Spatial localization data
-*-

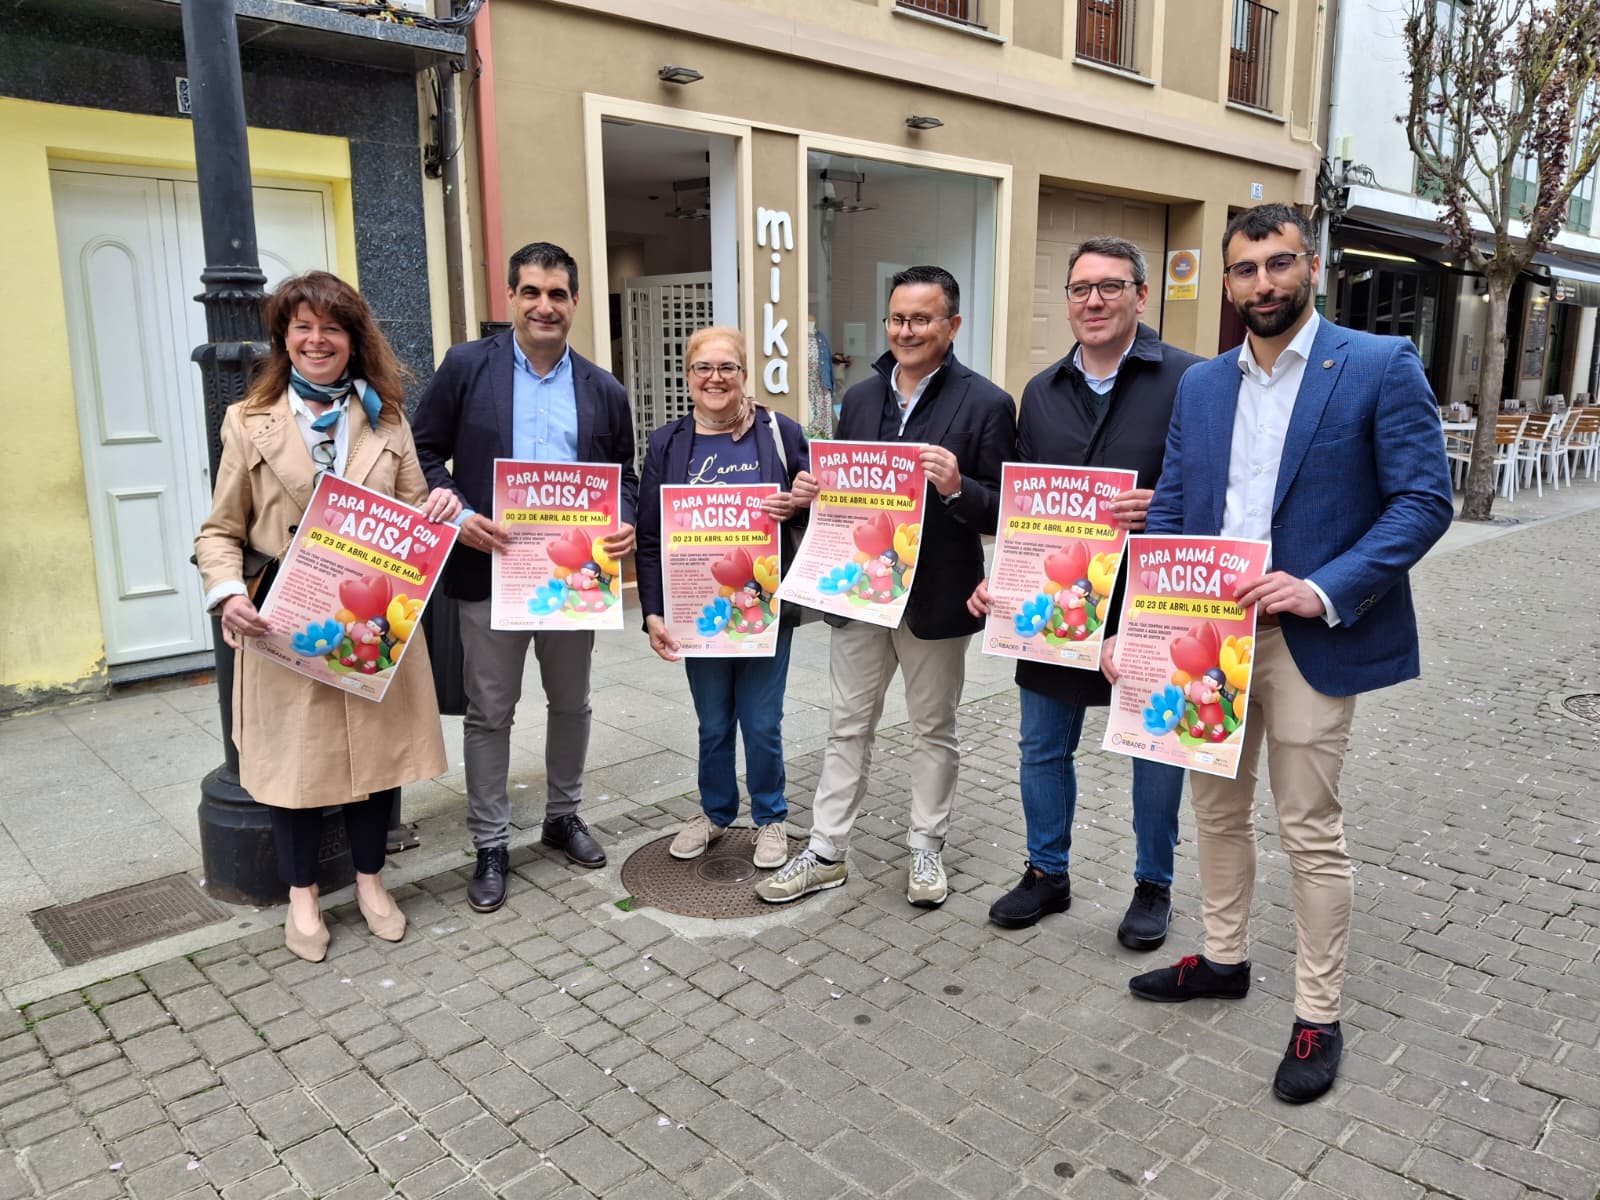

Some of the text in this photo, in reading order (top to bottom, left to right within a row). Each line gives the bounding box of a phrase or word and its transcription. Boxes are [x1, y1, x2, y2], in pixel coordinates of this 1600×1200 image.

[756, 206, 793, 395] mika
[819, 450, 915, 472] PARA MAMÁ CON
[506, 470, 608, 490] PARA MAMÁ CON
[837, 466, 896, 492] ACISA
[1014, 476, 1120, 498] PARA MAMÁ CON
[526, 485, 588, 509] ACISA
[672, 495, 702, 511] PARA
[707, 492, 741, 505] MAMÁ
[1031, 491, 1096, 521] ACISA
[328, 493, 440, 549] PARA MAMÁ CON
[692, 507, 750, 530] ACISA
[1043, 524, 1063, 532] ABRIL
[1096, 528, 1114, 536] MAIO
[339, 513, 413, 560] ACISA
[310, 531, 422, 581] DO 23 DE ABRIL AO 5 DE MAIO
[1139, 546, 1250, 573] PARA MAMÁ CON
[1157, 565, 1221, 598] ACISA
[1136, 599, 1145, 608] DO
[1159, 601, 1167, 609] DE
[1170, 602, 1189, 612] ABRIL
[1212, 606, 1220, 614] DE
[1223, 606, 1243, 615] MAIO

-*-

THE TASK: In the copy, include every record exactly and no pictures.

WORKED SOLUTION:
Some of the text in this photo, in reading order (top to bottom, left to right within a row). Each line gives the bounding box of a phrase or word and its transcription. Boxes are [x1, y1, x2, y2], in pixel coordinates of this 1600×1200 image.

[756, 206, 793, 395] mika
[819, 450, 915, 472] PARA MAMÁ CON
[506, 470, 608, 490] PARA MAMÁ CON
[837, 466, 896, 492] ACISA
[1014, 476, 1120, 498] PARA MAMÁ CON
[526, 485, 588, 509] ACISA
[672, 495, 702, 511] PARA
[707, 492, 741, 505] MAMÁ
[1031, 491, 1096, 521] ACISA
[328, 493, 440, 549] PARA MAMÁ CON
[692, 507, 750, 530] ACISA
[1043, 524, 1063, 532] ABRIL
[1096, 528, 1114, 536] MAIO
[339, 513, 413, 560] ACISA
[310, 531, 422, 581] DO 23 DE ABRIL AO 5 DE MAIO
[1139, 546, 1250, 573] PARA MAMÁ CON
[1157, 565, 1221, 598] ACISA
[1136, 599, 1145, 608] DO
[1159, 601, 1167, 609] DE
[1170, 602, 1189, 612] ABRIL
[1212, 606, 1220, 614] DE
[1223, 606, 1243, 615] MAIO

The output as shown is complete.